**Available data**.
+---+
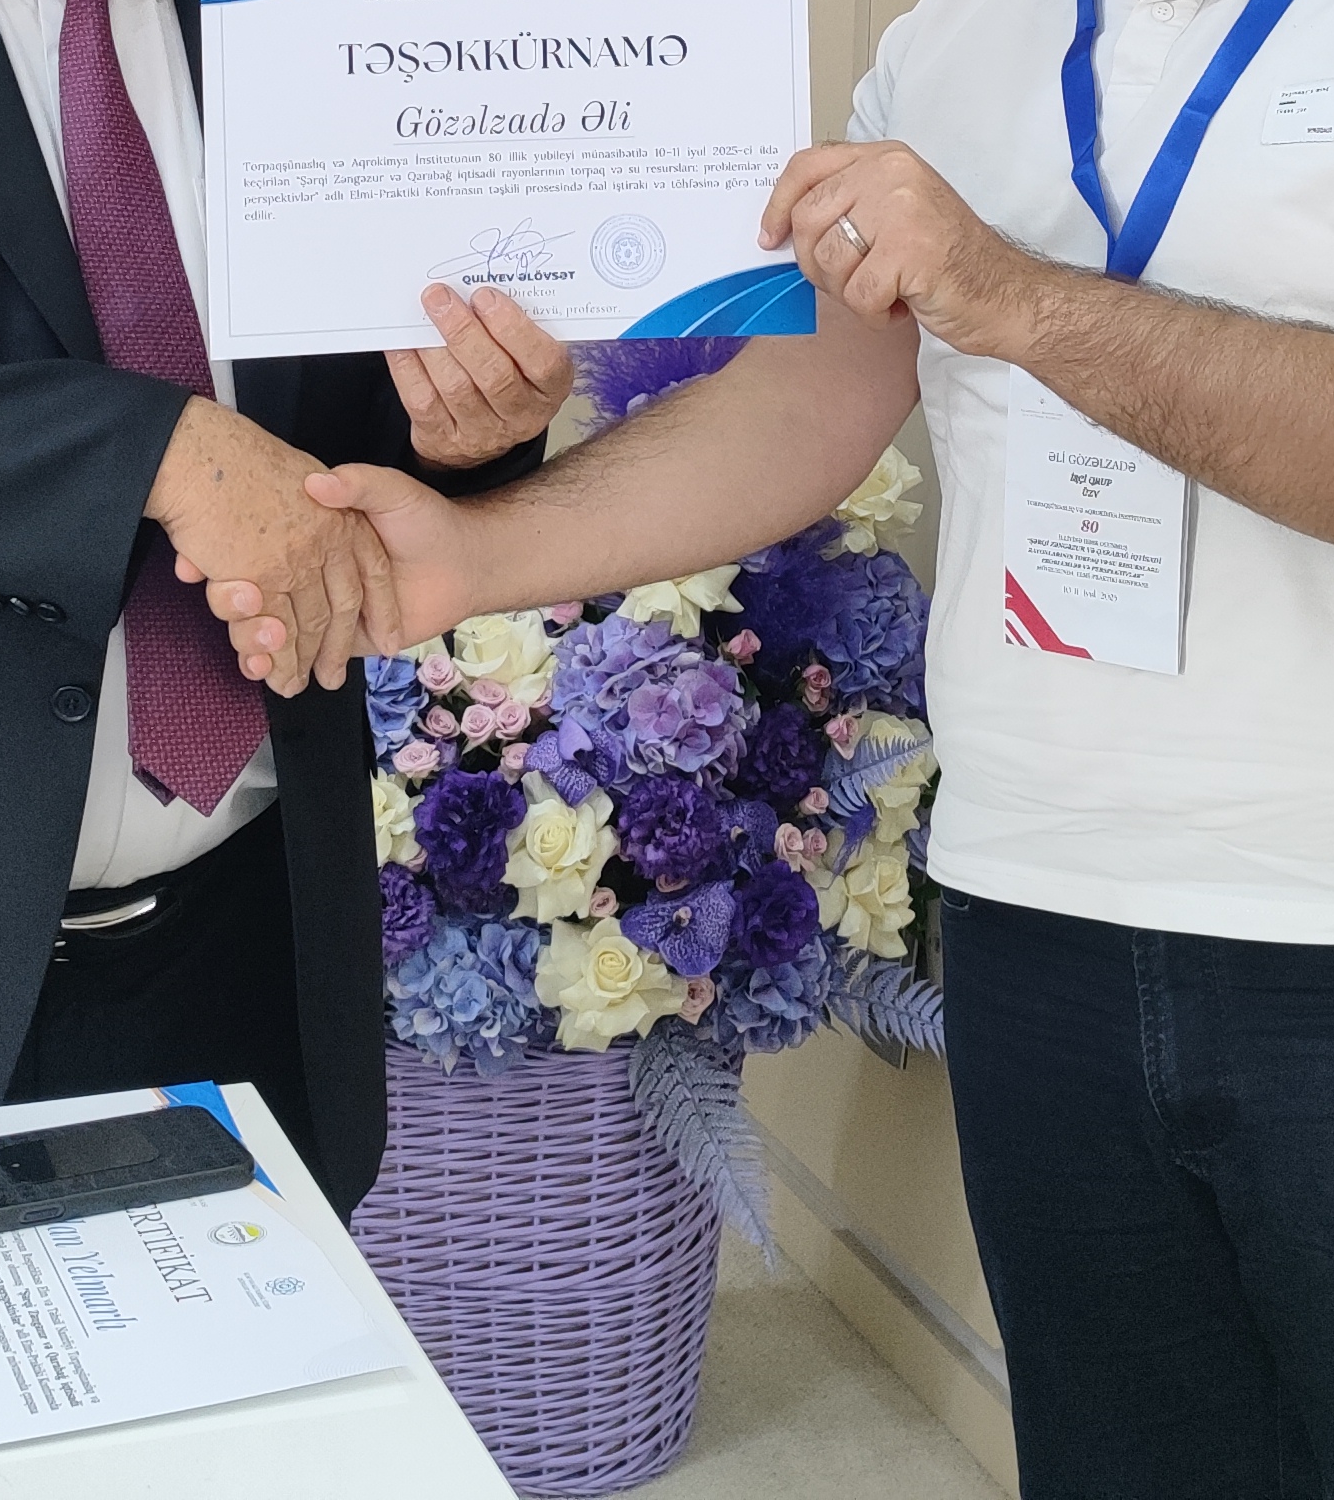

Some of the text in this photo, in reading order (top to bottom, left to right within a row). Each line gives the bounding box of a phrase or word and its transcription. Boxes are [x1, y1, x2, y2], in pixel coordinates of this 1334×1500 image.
+---+
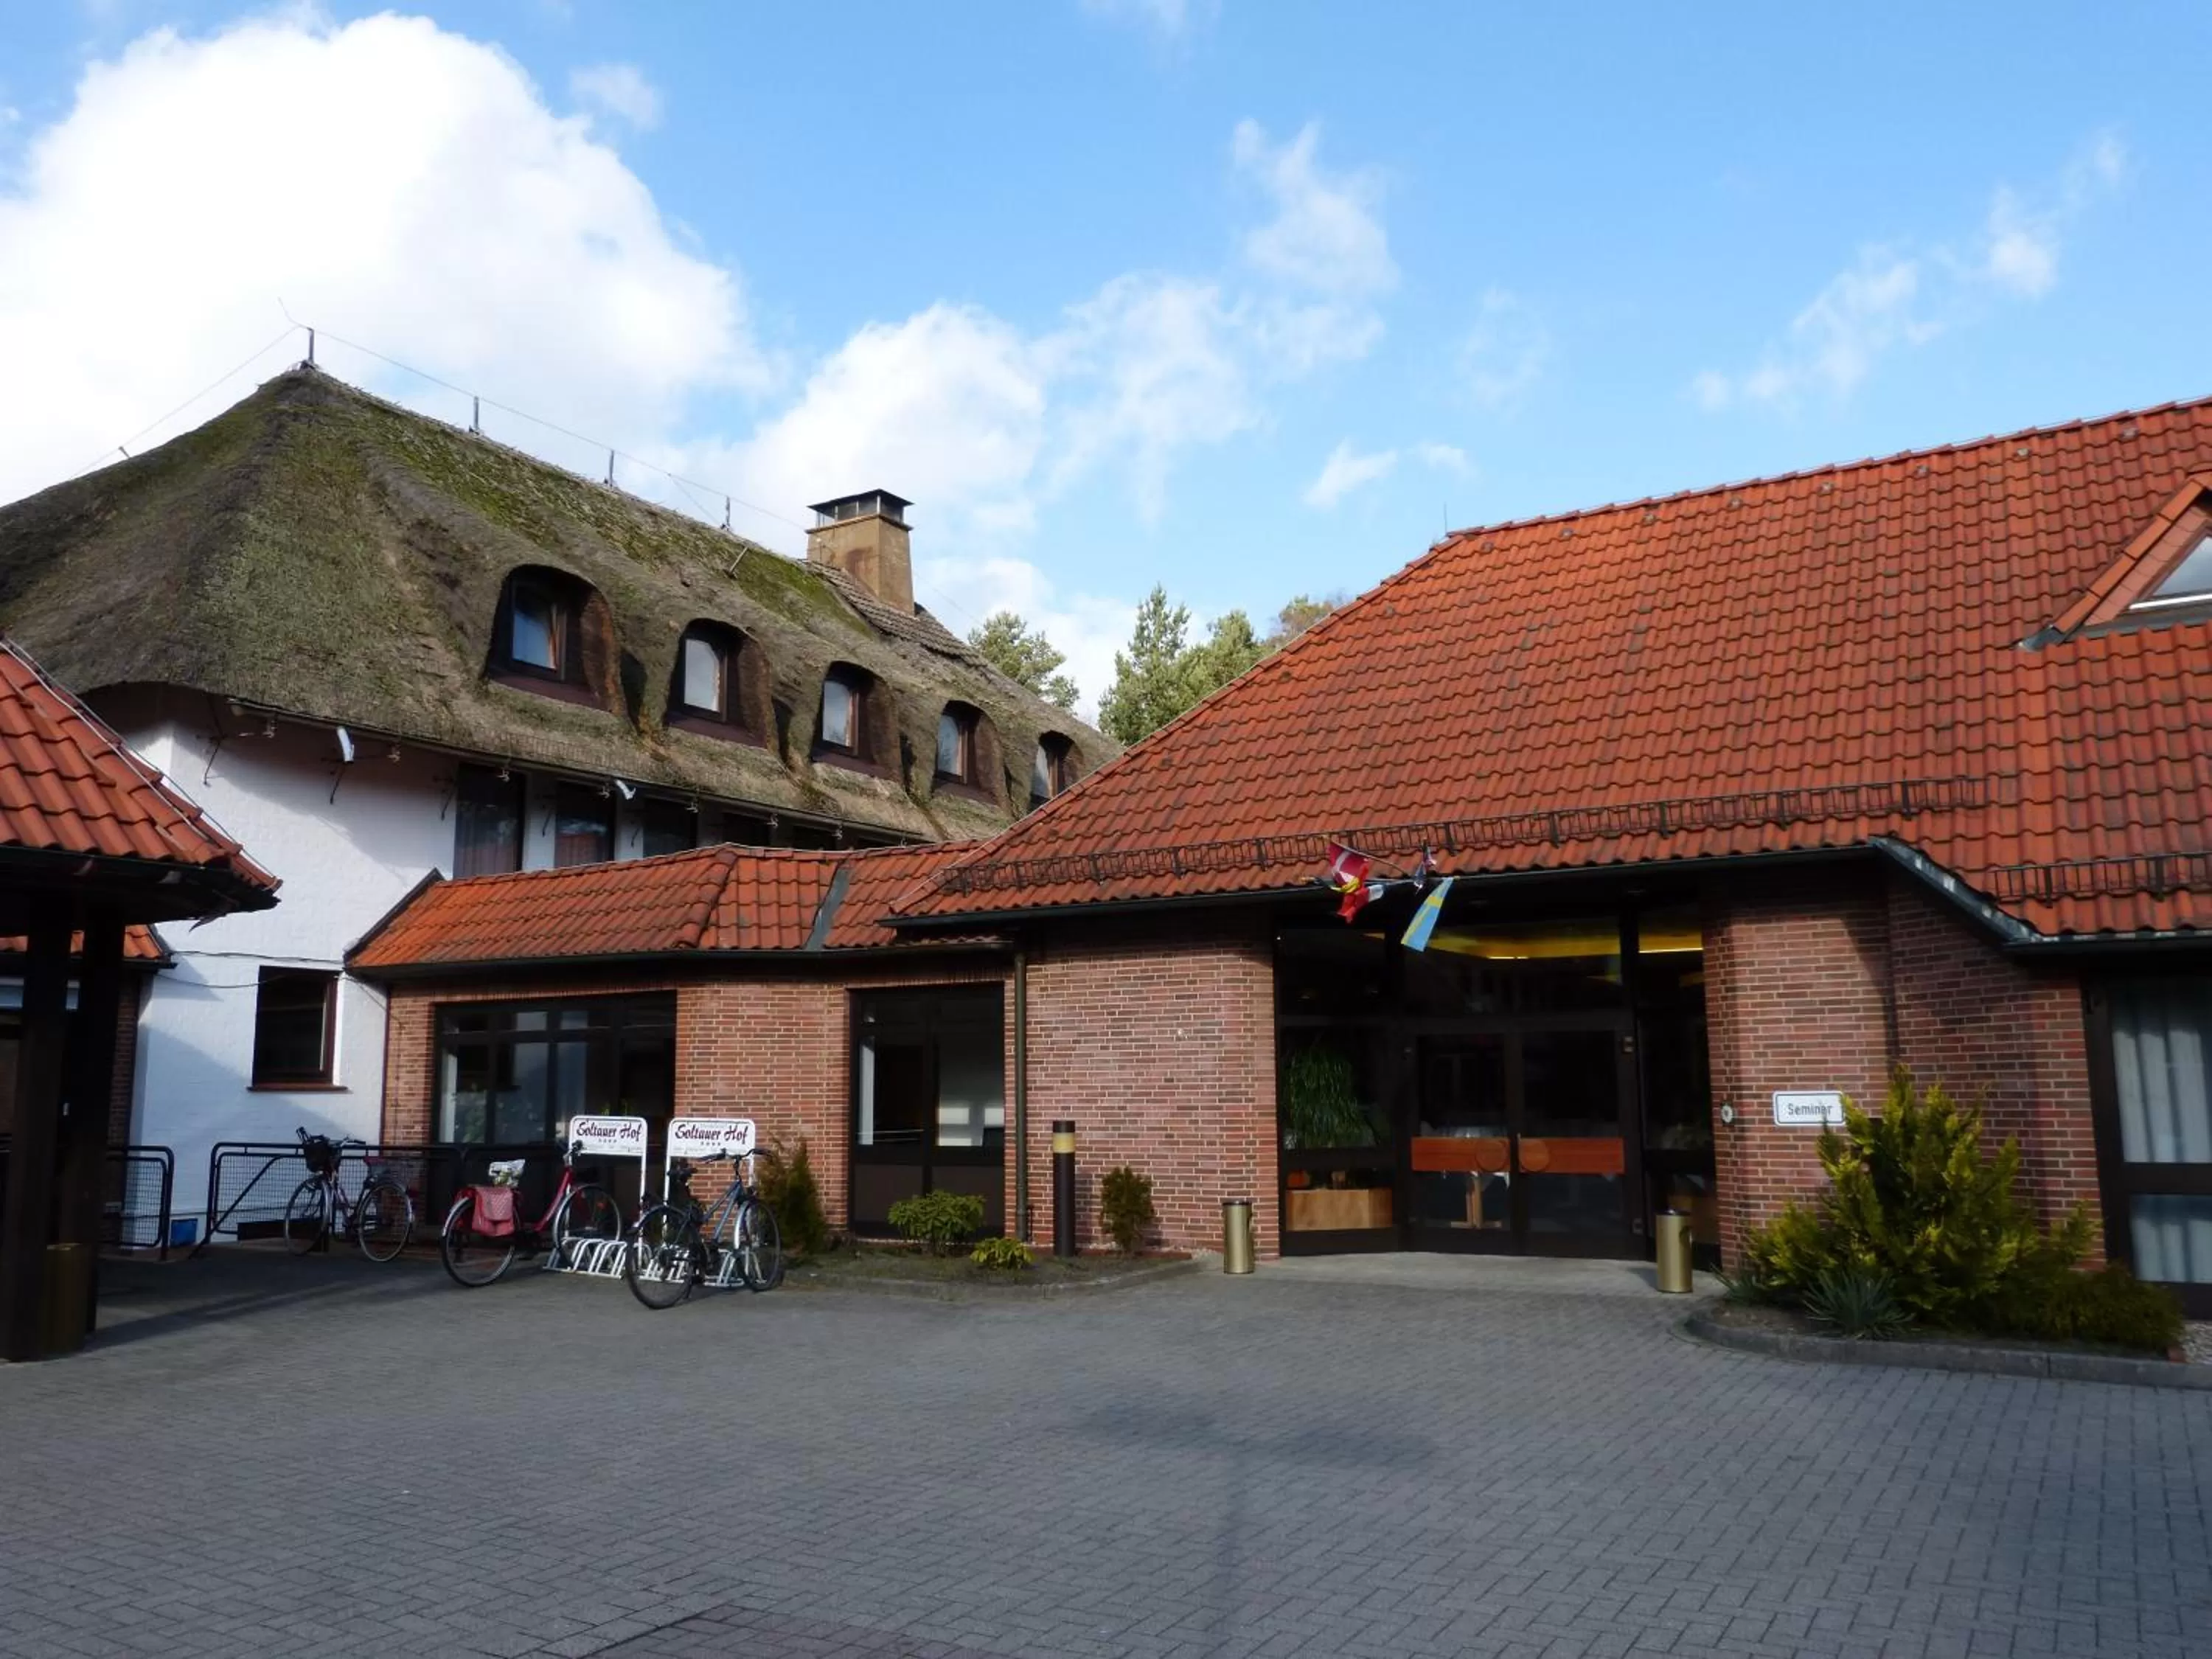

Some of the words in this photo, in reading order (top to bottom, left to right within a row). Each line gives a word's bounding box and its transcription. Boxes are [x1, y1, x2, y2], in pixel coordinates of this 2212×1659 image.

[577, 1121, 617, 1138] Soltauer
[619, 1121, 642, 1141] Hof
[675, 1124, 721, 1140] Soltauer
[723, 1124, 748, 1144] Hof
+---+
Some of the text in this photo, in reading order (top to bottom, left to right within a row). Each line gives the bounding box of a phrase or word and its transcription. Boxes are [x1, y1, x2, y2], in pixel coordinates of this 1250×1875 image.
+---+
**Problem**. Show the lines above that have the word "phrase".

**Expected answer**.
Some of the text in this photo, in reading order (top to bottom, left to right within a row). Each line gives the bounding box of a phrase or word and its transcription. Boxes are [x1, y1, x2, y2], in pixel coordinates of this 1334×1500 image.
Some of the text in this photo, in reading order (top to bottom, left to right within a row). Each line gives the bounding box of a phrase or word and its transcription. Boxes are [x1, y1, x2, y2], in pixel coordinates of this 1250×1875 image.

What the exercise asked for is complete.